Cristo é o Pastor autêntico, que concretiza o modelo de amor mais excelso pelo rebanho: Ele dispõe livremente da sua própria vida, ninguém lha tira (cf. v. 18), mas é Ele que a oferece a favor das ovelhas (cf. v. 17). Em aberta oposição aos falsos pastores, Jesus apresenta-se como o verdadeiro e único Pastor do povo: o mau pastor pensa em si mesmo e explora as ovelhas; o bom pastor pensa nas ovelhas e oferece-se a si mesmo. Diversamente do mercenário, Cristo Pastor é um guia atencioso que participa na vida da sua grei, não procura outros interesses e a sua única intenção consiste em guiar, alimentar e proteger as suas ovelhas. E tudo isto ao preço mais elevado, que é aquele do sacrifício da própria vida.
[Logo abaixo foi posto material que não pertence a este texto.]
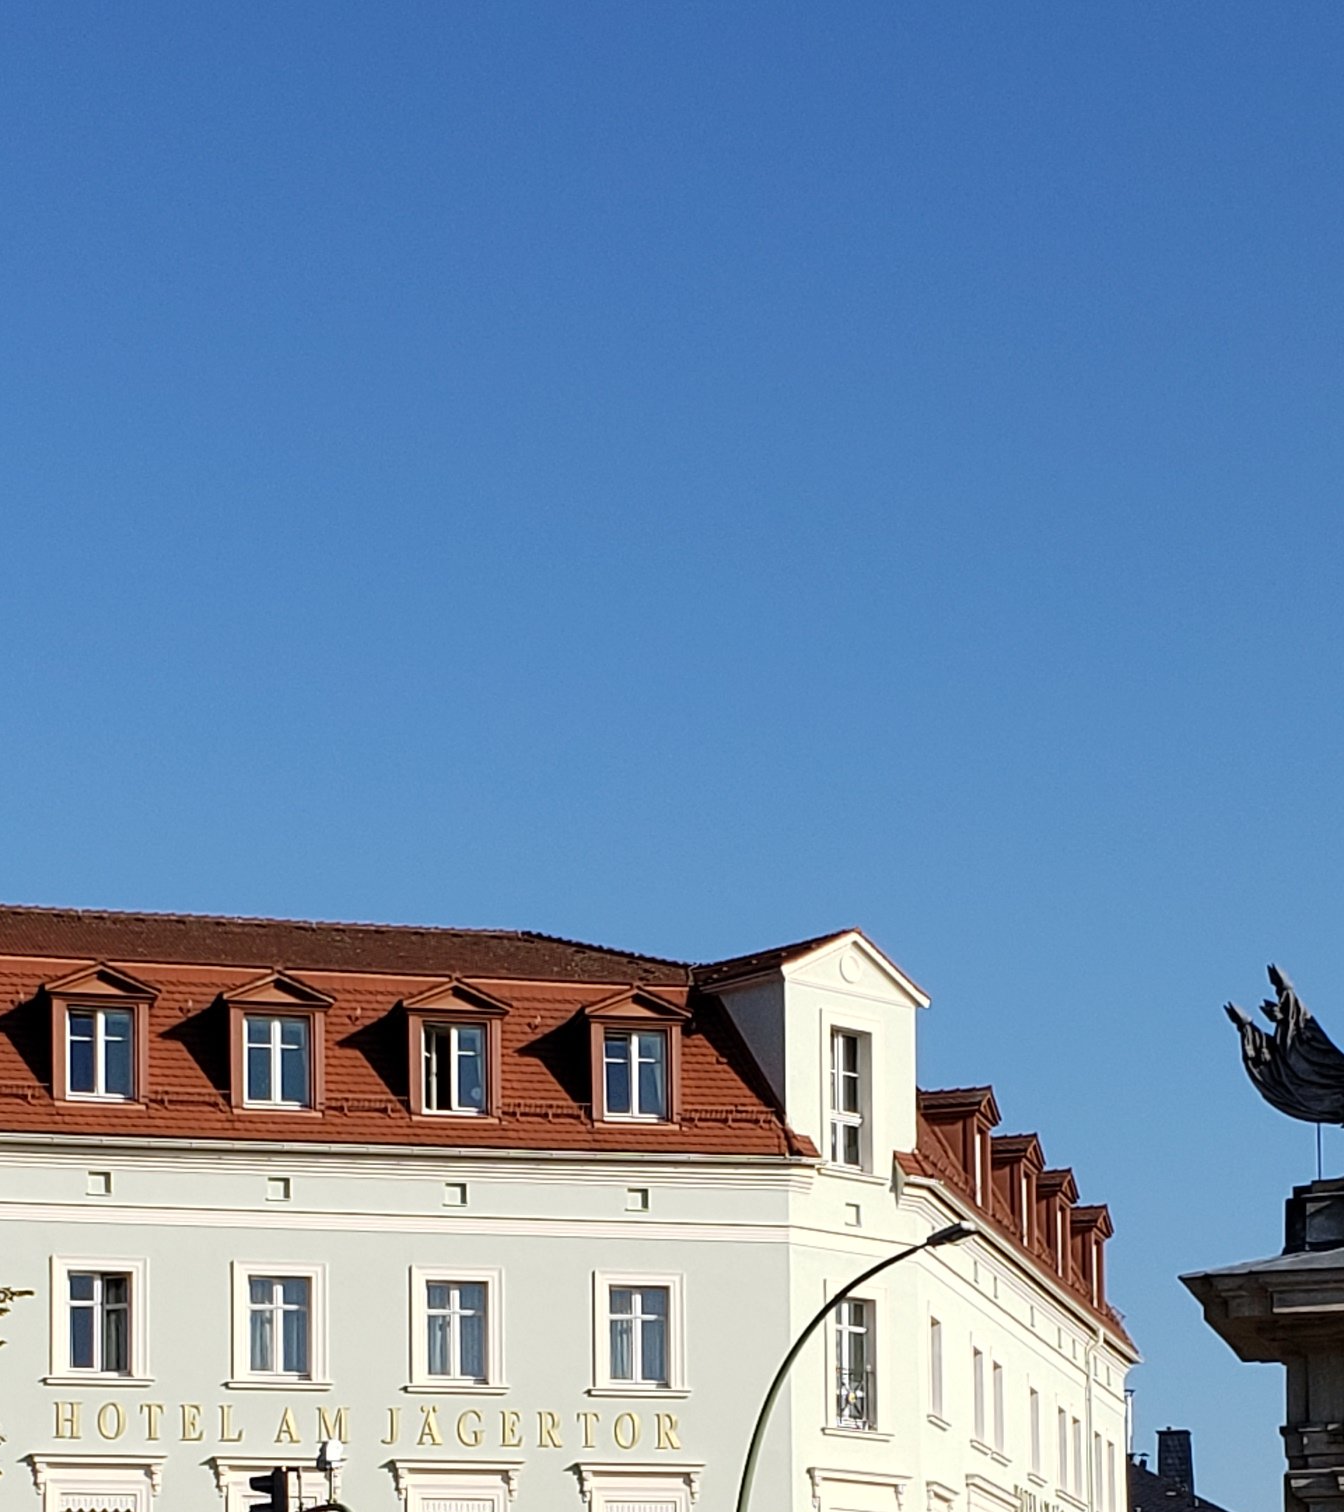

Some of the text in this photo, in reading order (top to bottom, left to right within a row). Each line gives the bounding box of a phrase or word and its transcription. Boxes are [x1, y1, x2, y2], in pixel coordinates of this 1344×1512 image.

[53, 1401, 682, 1450] HOTEL AM JÄGERTOR
Na figura de Jesus, bom Pastor, nós contemplamos a Providência de Deus, a sua solicitude paternal por cada um de nós. Ele não nos deixa sozinhos! A consequência desta contemplação de Jesus, verdadeiro e bom Pastor, é a exclamação de enlevo comovido que encontramos na segunda Leitura da liturgia de hoje: «Vede com que amor nos amou o Pai...» (1 Jo 3, 1). Trata-se verdadeiramente de um amor surpreendente e misterioso, pois oferecendo-nos Jesus como Pastor que dá a sua vida por nós, o Pai concedeu-nos tudo aquilo que de maior e de mais precioso nos podia oferecer! Trata-se do amor mais elevado e mais puro, porque não é motivado por necessidade alguma, não é condicionado por cálculo algum, não se sente atraído por qualquer interessado desejo de intercâmbio. Perante este amor de Deus, nós experimentamos uma alegria imensa e abrimo-nos ao reconhecimento por aquilo que recebemos gratuitamente.
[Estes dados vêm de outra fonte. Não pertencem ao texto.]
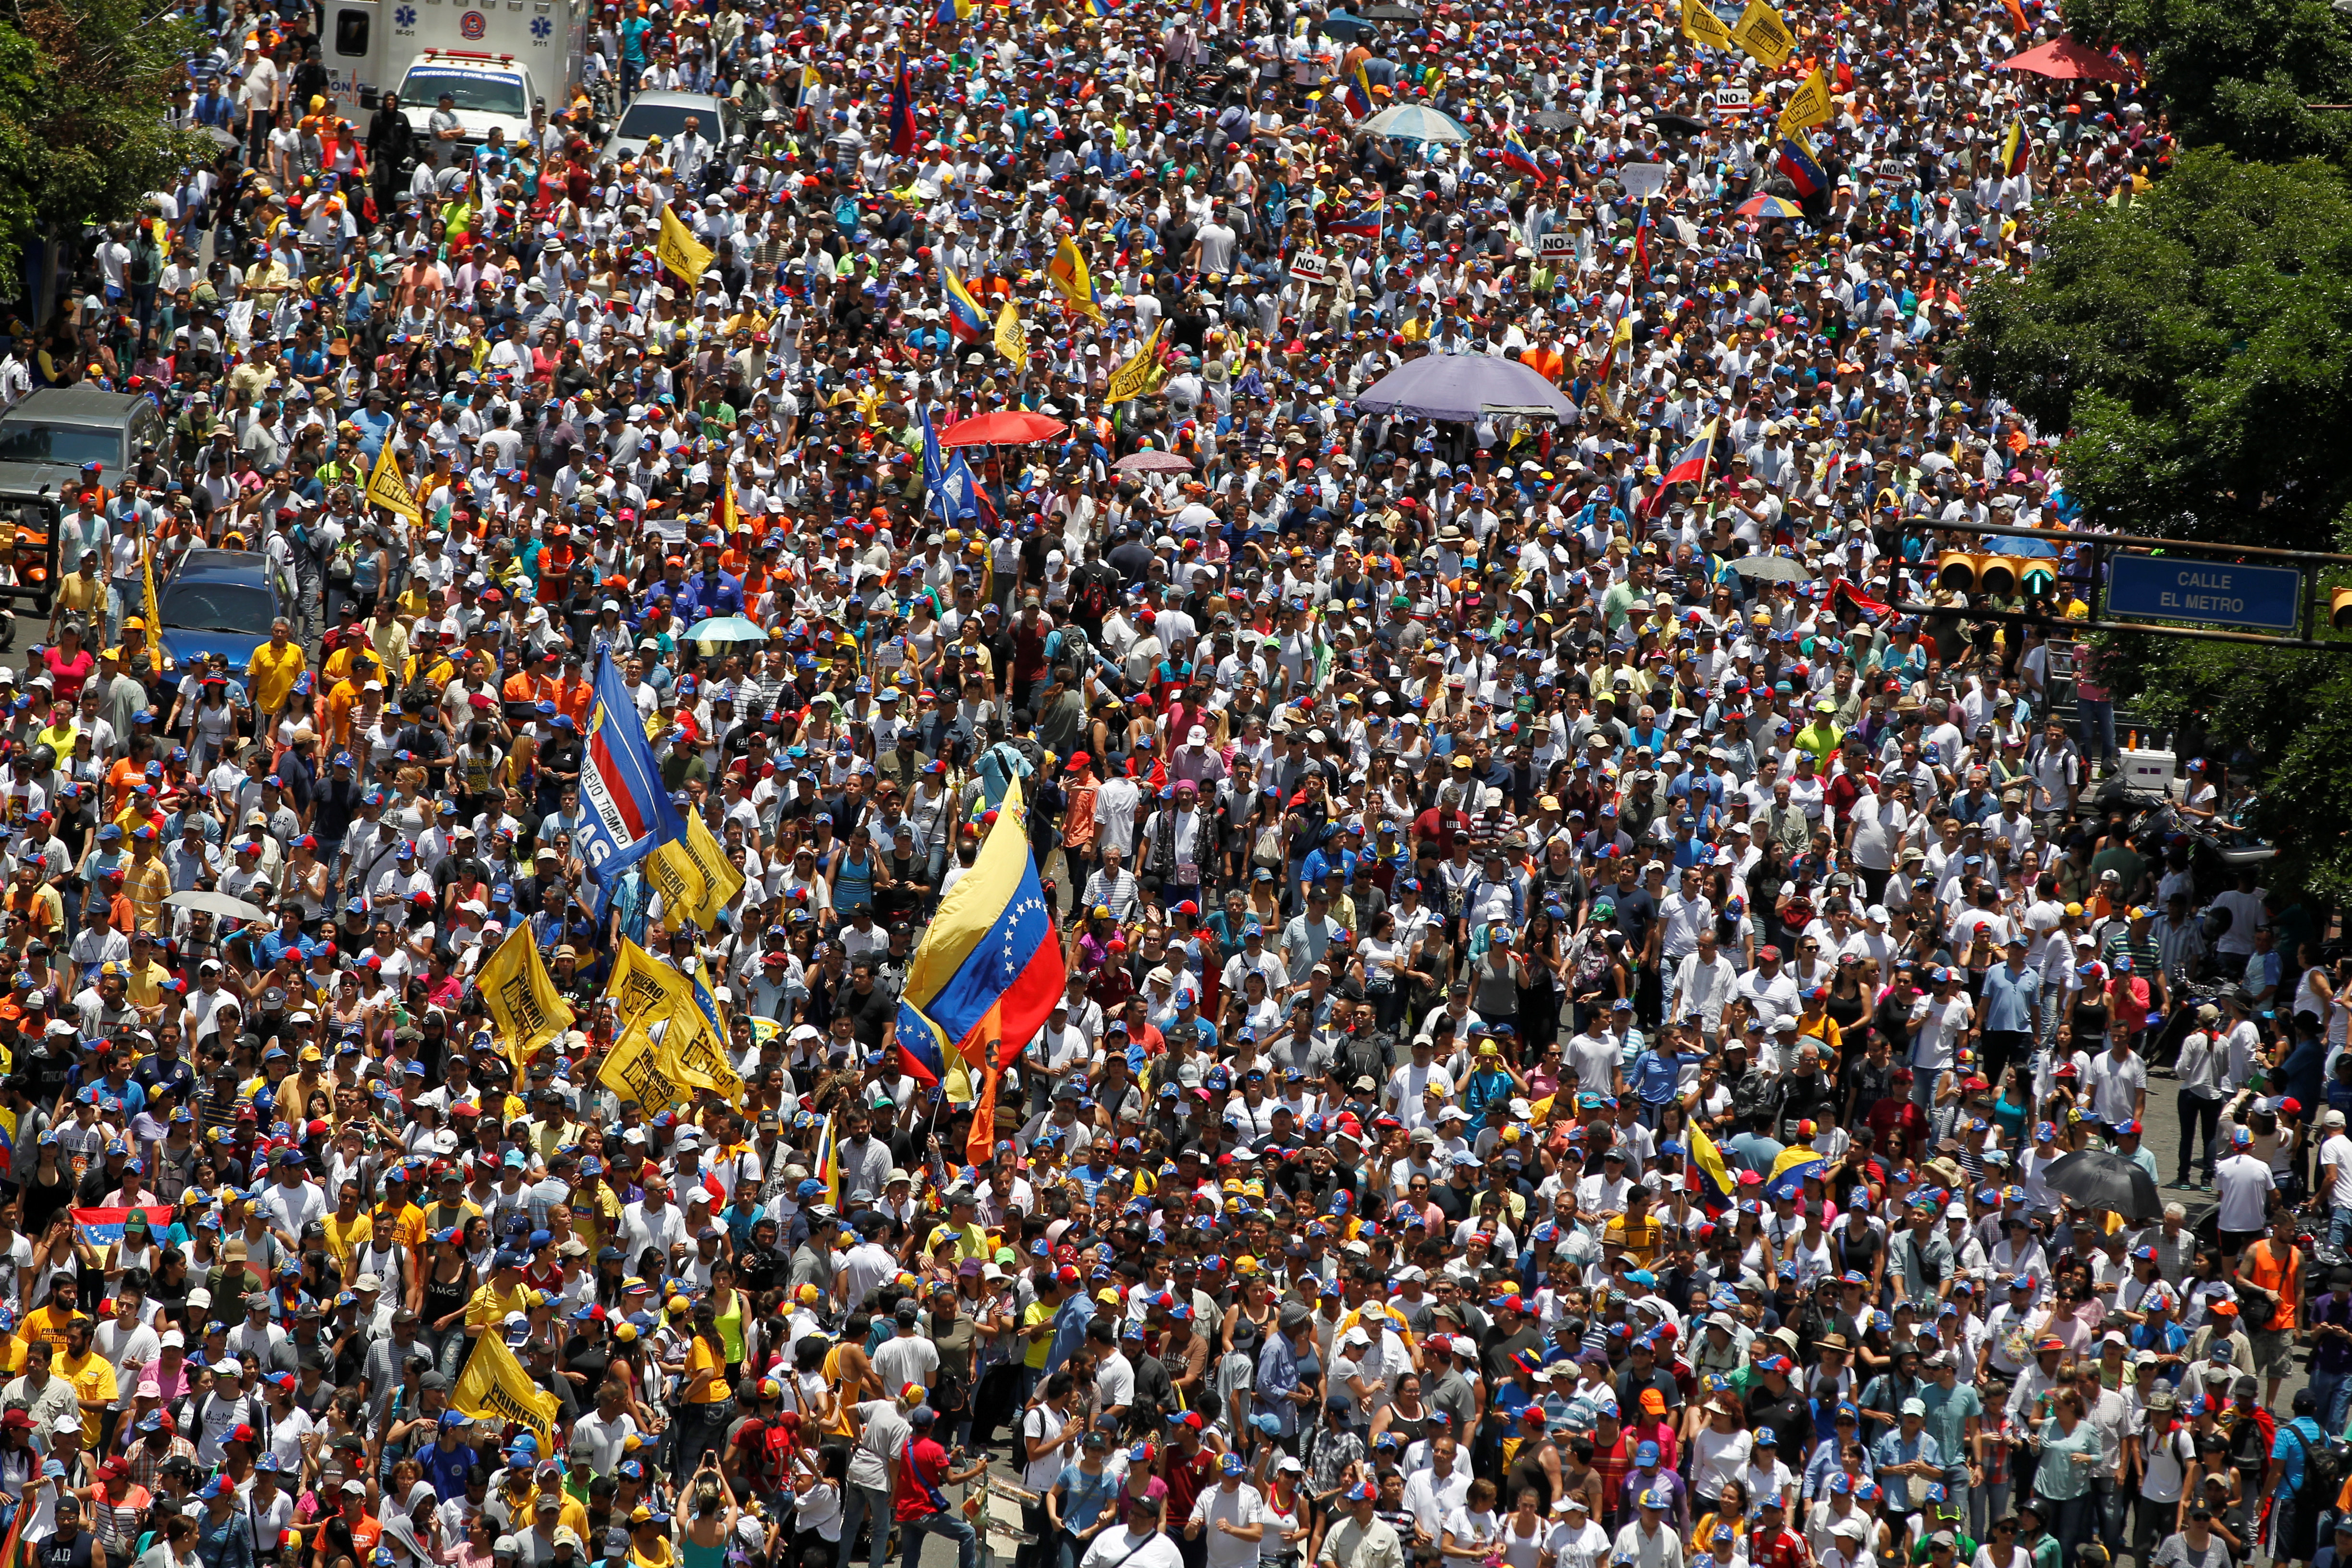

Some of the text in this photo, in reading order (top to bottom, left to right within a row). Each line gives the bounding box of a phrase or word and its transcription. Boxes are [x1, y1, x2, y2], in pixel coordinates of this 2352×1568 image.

[1759, 18, 1785, 44] PRIMERO
[1745, 26, 1778, 56] JUSTICIA
[485, 74, 520, 86] MIRANDA
[1720, 93, 1746, 104] NO+
[1883, 163, 1903, 175] NO+
[1544, 238, 1574, 250] NO+
[1296, 256, 1323, 271] NO+
[2178, 572, 2231, 590] CALLE
[2161, 592, 2244, 613] EL METRO
[598, 799, 628, 845] TIEMPO
[1447, 821, 1461, 829] LEVEL
[629, 968, 665, 1000] PRIMERO
[65, 1138, 98, 1150] SUNSET
[429, 1285, 463, 1297] OMG!
[491, 1386, 547, 1433] PRIMERO
[52, 1548, 71, 1562] AD
No entanto, não é suficiente contemplar e agradecer. É necessário também seguir o bom Pastor. De modo especial, quantos têm a missão de guia na Igreja — sacerdotes, Bispos e Papas — são chamados a assumir não a mentalidade do manager mas do servo,à imitação de Jesus que, despojando-se a si mesmo, nos salvou mediante a sua misericórdia. A este estilo de vida pastoral, de bom pastor, são chamados também os novos sacerdotes da diocese de Roma, que hoje de manhã tive a alegria de ordenar na Basílica de São Pedro.

E dois deles apresentar-se-ão para vos dar graças pelas vossas orações e para vos saudar...

[dois presbíteros recém-ordenados apresentam-se ao lado do Santo Padre]

Maria Santíssima obtenha para mim, para os Bispos e para os sacerdotes do mundo inteiro a graça de servir o santo povo de Deus através da jubilosa pregação do Evangelho, a sentida celebração dos Sacramentos e a paciente e suave guia pastoral.

Depois do Regina Coeli:

Desejo assegurar a minha proximidade às populações atingidas por um forte sismo no Nepal e nos países limítrofes. Rezo pelas vítimas, pelos feridos e por todos aqueles que sofrem por causa desta calamidade. Que eles recebam a assistência da solidariedade fraternal. E agora oremos a Nossa Senhora, a fim de que permaneça ao seu lado. «Ave Maria...».

Hoje, no Canadá, será proclamada Beata Maria Elisa Turgeon, fundadora das Irmãs de Nossa Senhora do Santo Rosário de São Germano: uma religiosa exemplar, dedicada à oração, ao ensino nos pequenos centros da sua diocese e às obras de caridade. Demos graças ao Senhor por esta mulher, modelo de vida consagrada a Deus e de compromisso generoso ao serviço do próximo.

Saúdo carinhosamente todos os peregrinos de Roma, da Itália e de diversos países, em particular os provenientes em grande número da Polônia, por ocasião do primeiro aniversário da canonização de João Paulo II. Caríssimos, ressoe sempre nos vossos corações esta exortação: «Abri as portas a Cristo!», que ele dizia com aquela sua voz firme e santa. Que o Senhor vos abençoe, bem como às vossas famílias, e que Nossa Senhora vos proteja.

Desejo feliz domingo a todos vós. Por favor, não vos esqueçais de rezar por mim. Bom almoço e até à próxima!